First who, then what
One chapter that surprised me was "First Who, Then What." Collins argues, against a lot of conventional business advice, that great companies usually figured out who should be on the team before they figured out what the strategy should be. They got the right people on the bus, and then decided where the bus was going, rather than planning the route first and then hoping the right people would show up later.
This is not the advice that most leadership books give, and I am not sure it is universally correct. Plenty of successful companies have been built around a specific product insight with a team assembled afterward. But as a principle for established companies trying to transition from good to great, Collins's argument is strong. The strategies that great companies executed were usually changes of direction that required a team already capable of changing direction, and that capability was a function of who was on the team rather than what the current plan said.
Where the book has aged
Some of the companies Collins held up as examples of sustained greatness went on to struggle badly in the decade after the book was published. Circuit City is the obvious one. Fannie Mae is another. This is not entirely a failure of Collins's research, because the book was honest about studying a specific historical period. But it does mean you should read the case studies as snapshots of a moment rather than as forever-valid recipes for what any specific company will do next.

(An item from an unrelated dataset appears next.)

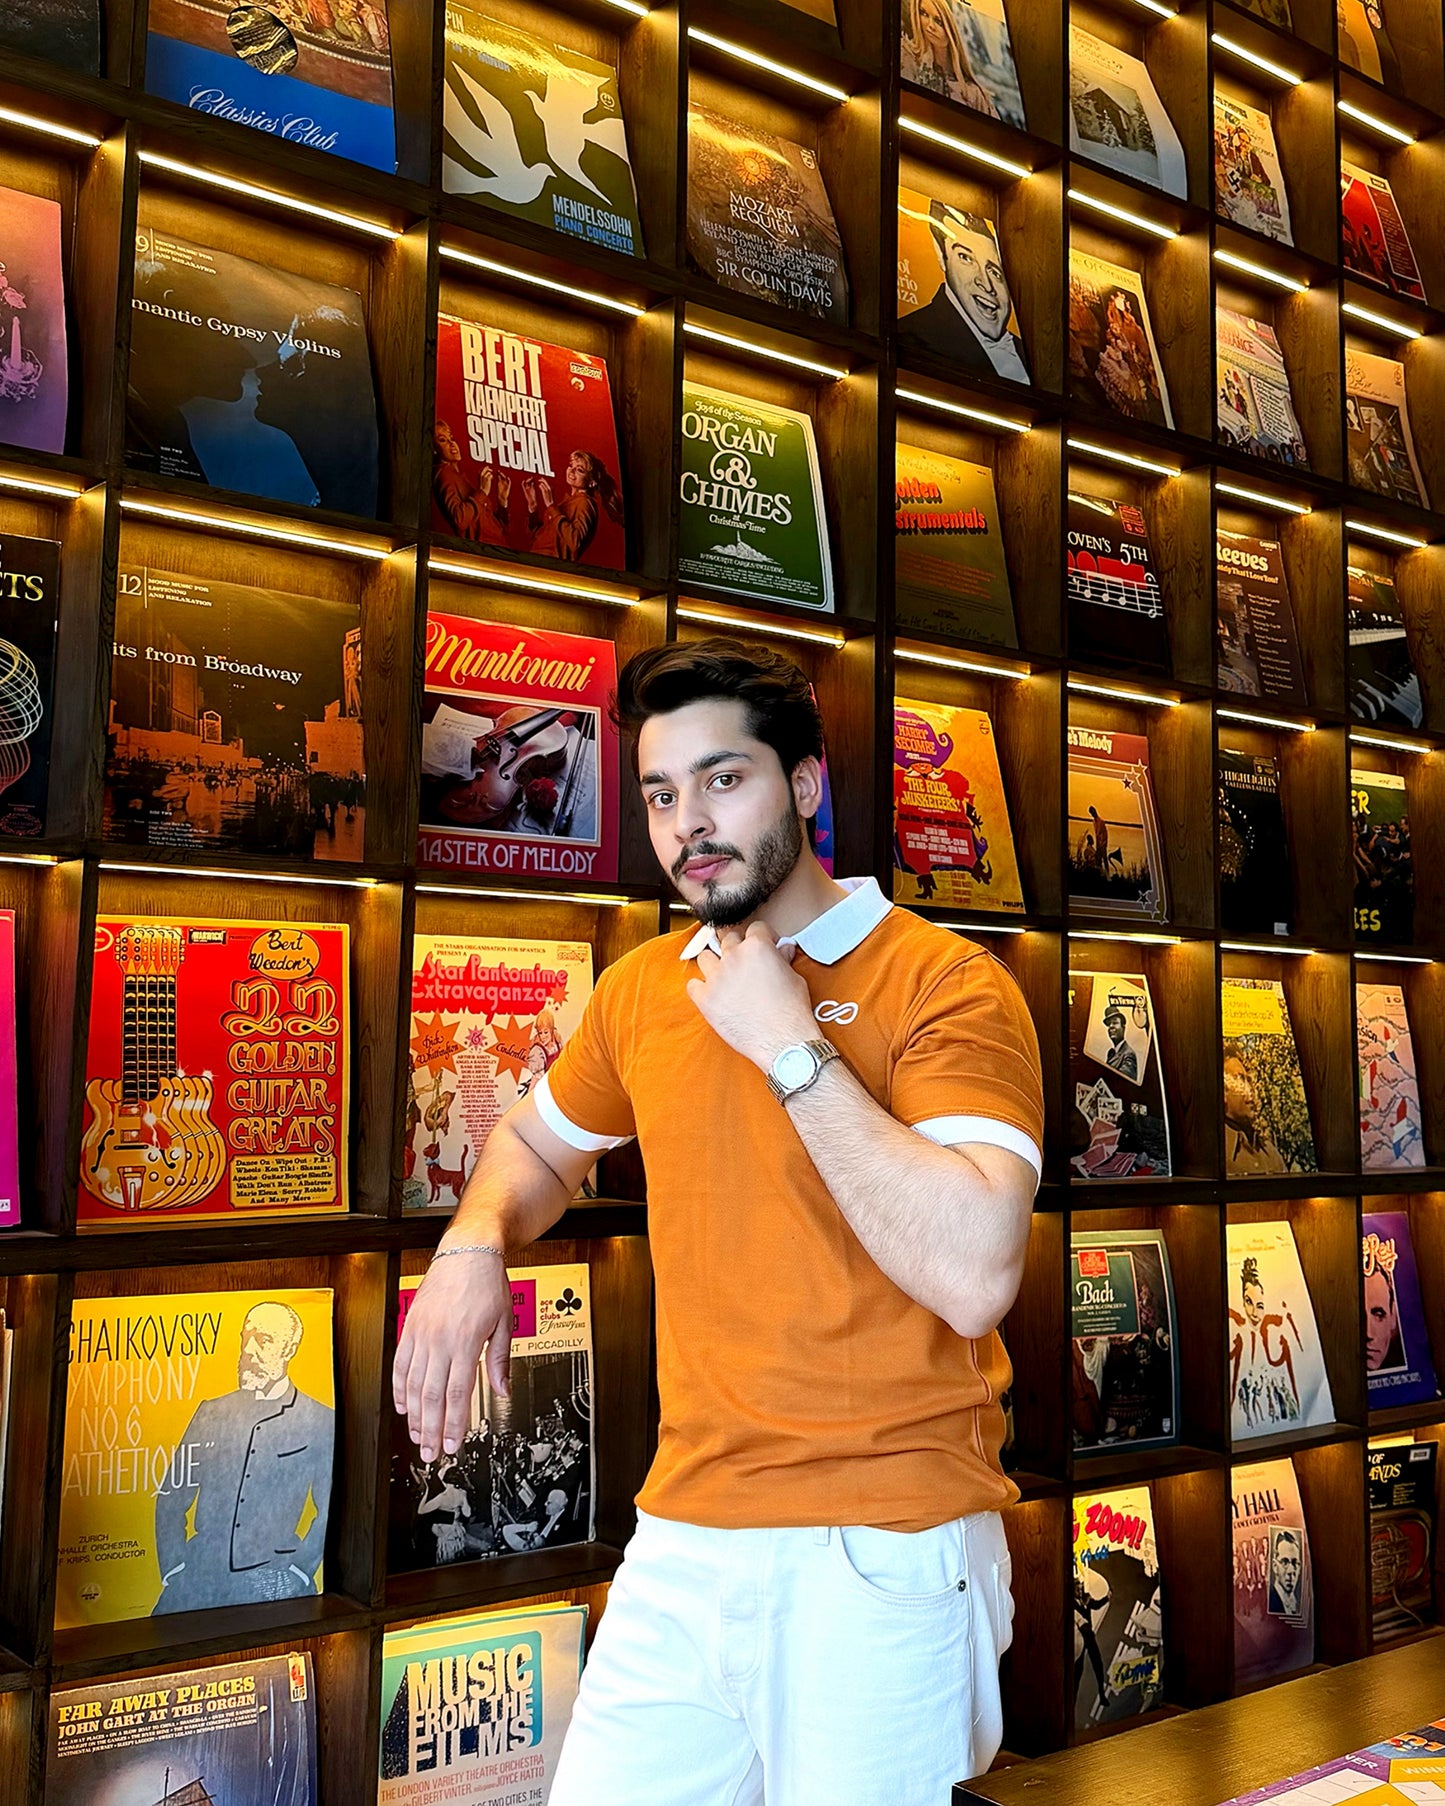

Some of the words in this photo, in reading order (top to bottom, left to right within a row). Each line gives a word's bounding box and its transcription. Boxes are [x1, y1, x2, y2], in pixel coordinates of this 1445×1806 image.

The frameworks, though, hold up. Level 5 leadership is still the right target. The Hedgehog Concept is still a good filter for strategy. The flywheel is still how durable businesses actually grow. The specific companies have churned. The ideas have not, and that is usually the test of whether a business book is worth reading a decade after it came out.
The confronting-brutal-facts chapter
One of my favourite chapters is called "Confront the Brutal Facts (Yet Never Lose Faith)." Collins argues that great companies maintain an unshakable belief that they will ultimately prevail, while at the same time facing the ugliest parts of their current reality head-on. He calls this the Stockdale Paradox, after the Vietnam prisoner of war who observed that the optimists in the camp were the ones who died first. The optimists set unrealistic deadlines for their rescue, were repeatedly disappointed, and eventually gave up. The survivors were the ones who held faith in eventual survival while being completely honest about how bad the current situation was.
I think about this chapter a lot, and not just in a business context. It is good advice for anyone trying to do something hard over a long period of time.
Who should read this
- Founders, managers, and operators who want a serious book about what separates lasting companies from flashy ones.
- Anyone sceptical of the modern celebrity-CEO story who wants data on the alternative.
- Readers who enjoy business history as a way of understanding strategy, because half the book is essentially a set of case studies.
- Anyone working on a project that has not yet gained traction, because the flywheel chapter will help you stay with it through the unrewarding middle.
This is still the best book I have read on sustained organisational performance. The examples are dated. The thinking is not, and I suspect it will still be worth reading ten years from now, when the companies in the case studies have all become footnotes and the ideas are still doing useful work.